Task to complete
Please transcribe the data below exactly. Leave the pictures out.

□ □ □ □

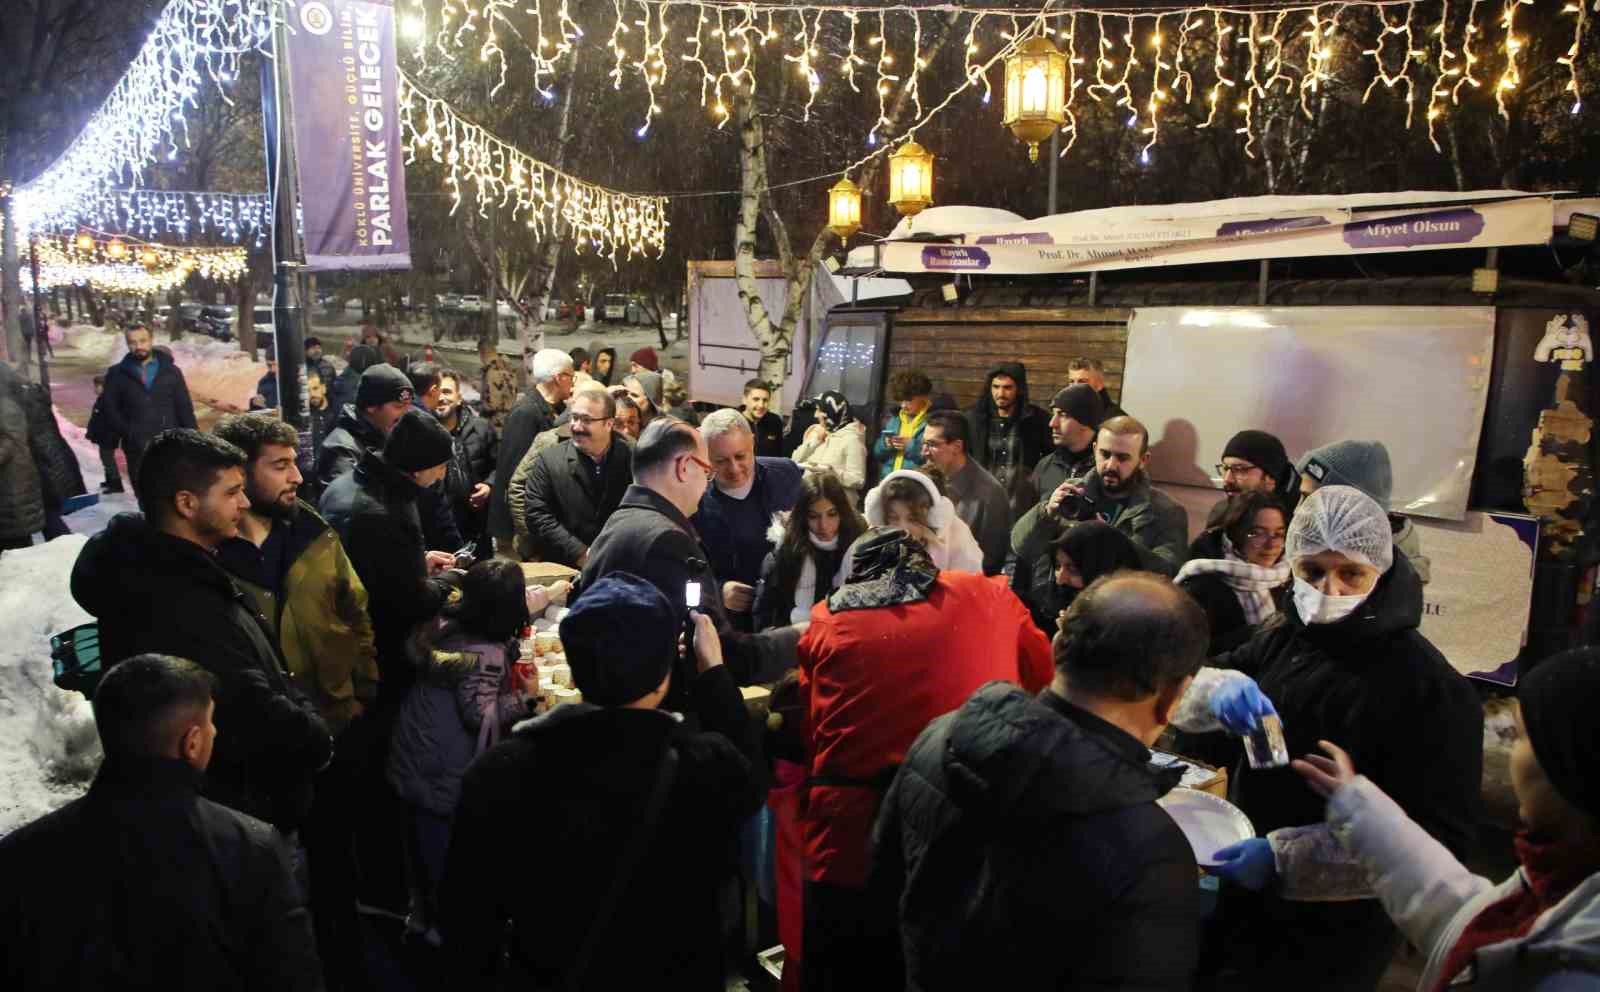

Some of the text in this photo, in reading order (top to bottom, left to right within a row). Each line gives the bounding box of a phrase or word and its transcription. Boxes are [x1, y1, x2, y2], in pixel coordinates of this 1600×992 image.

[355, 7, 392, 246] PARLAK GELECEK
[352, 202, 368, 246] KÖKLÜ
[1363, 220, 1460, 238] Afiyet Olsun
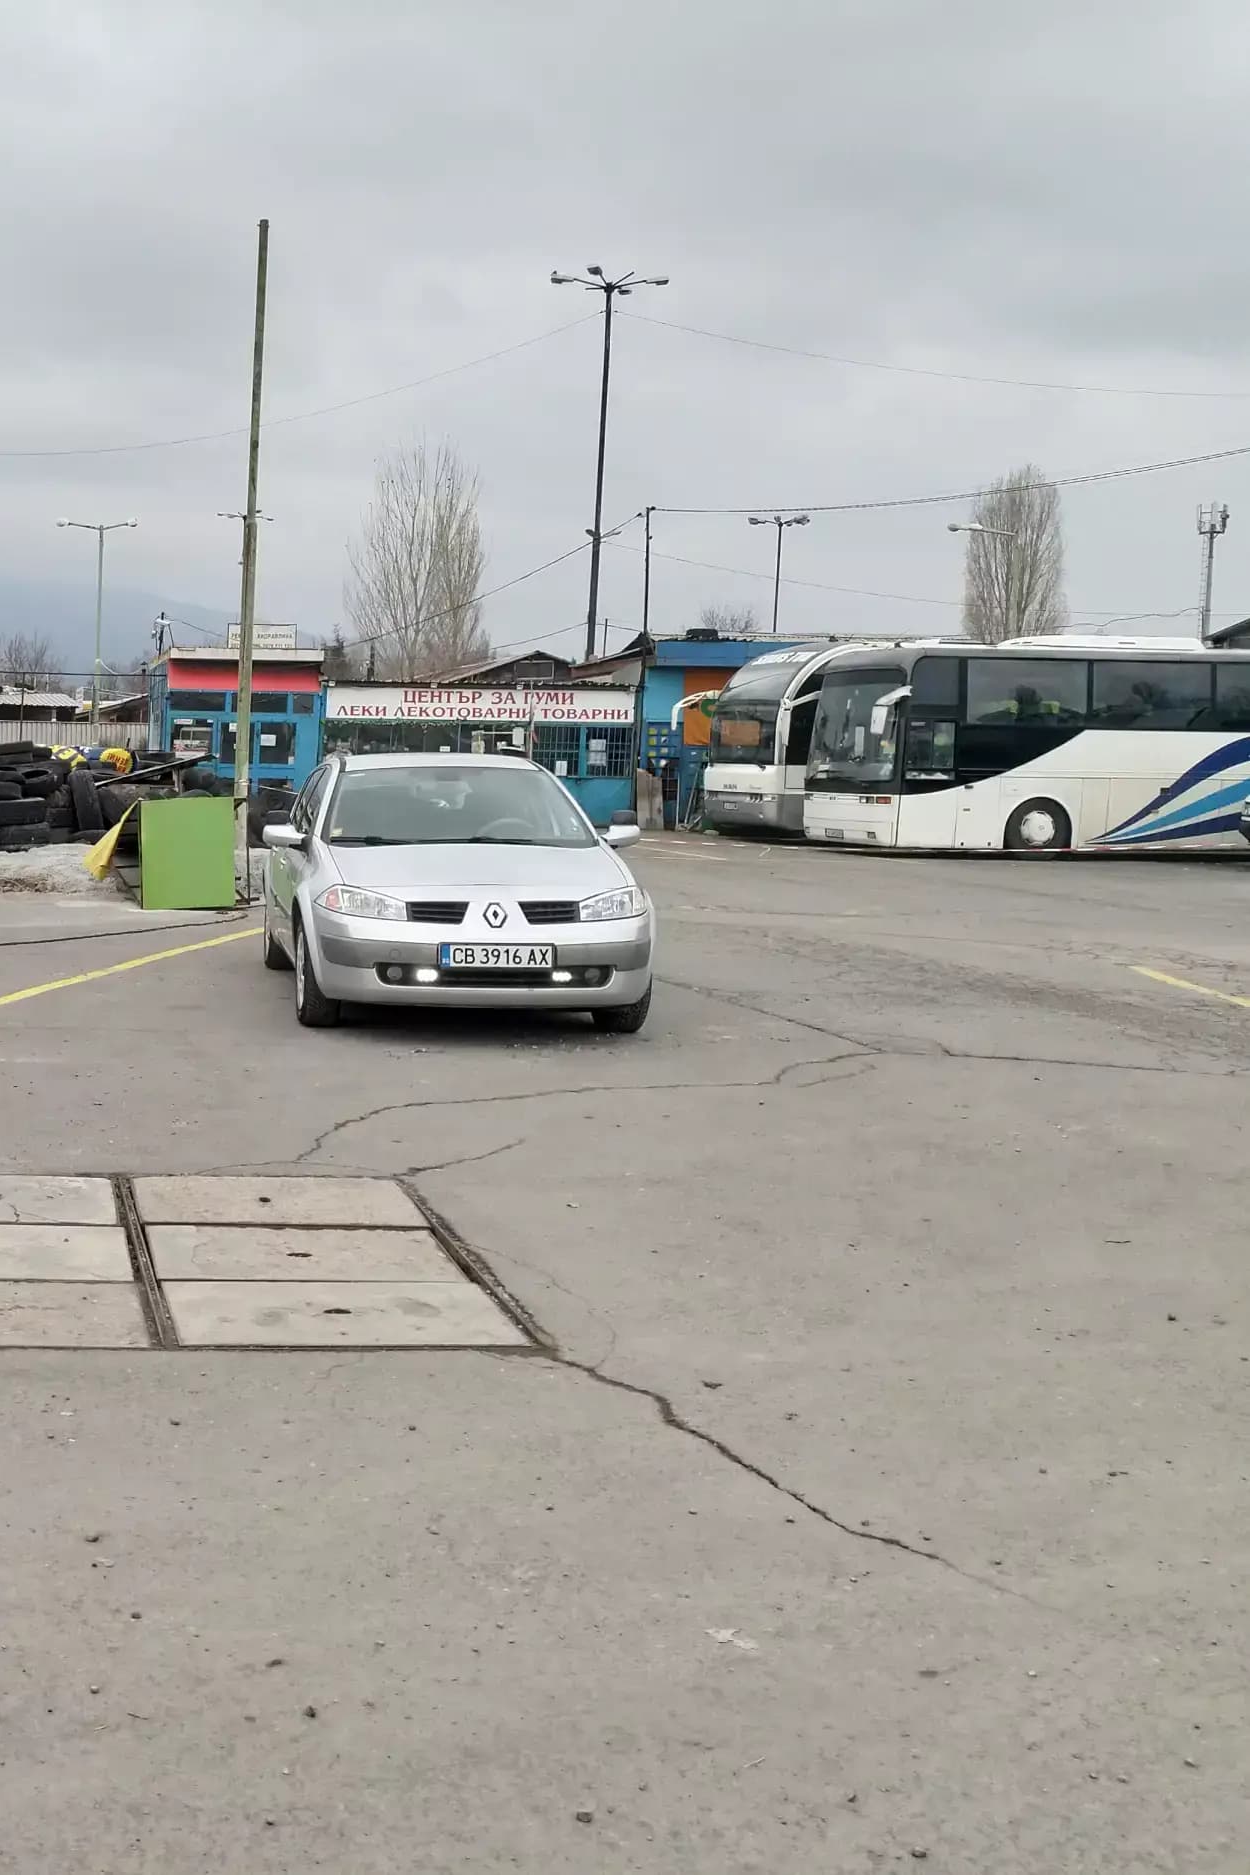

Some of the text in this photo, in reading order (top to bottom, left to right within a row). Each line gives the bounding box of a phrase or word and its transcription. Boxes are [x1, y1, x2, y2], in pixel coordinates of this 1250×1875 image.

□ □ □ □

Written response
Some of the text in this photo, in reading order (top to bottom, left to right within a row). Each line gives the bounding box of a phrase or word and its transcription. Boxes are [x1, y1, x2, y2], in pixel coordinates of this 1600×992 image.

[355, 7, 392, 246] PARLAK GELECEK
[352, 202, 368, 246] KÖKLÜ
[1363, 220, 1460, 238] Afiyet Olsun

Some of the text in this photo, in reading order (top to bottom, left to right within a row). Each line gives the bounding box of a phrase or word and its transcription. Boxes are [x1, y1, x2, y2], in pixel coordinates of this 1250×1875 image.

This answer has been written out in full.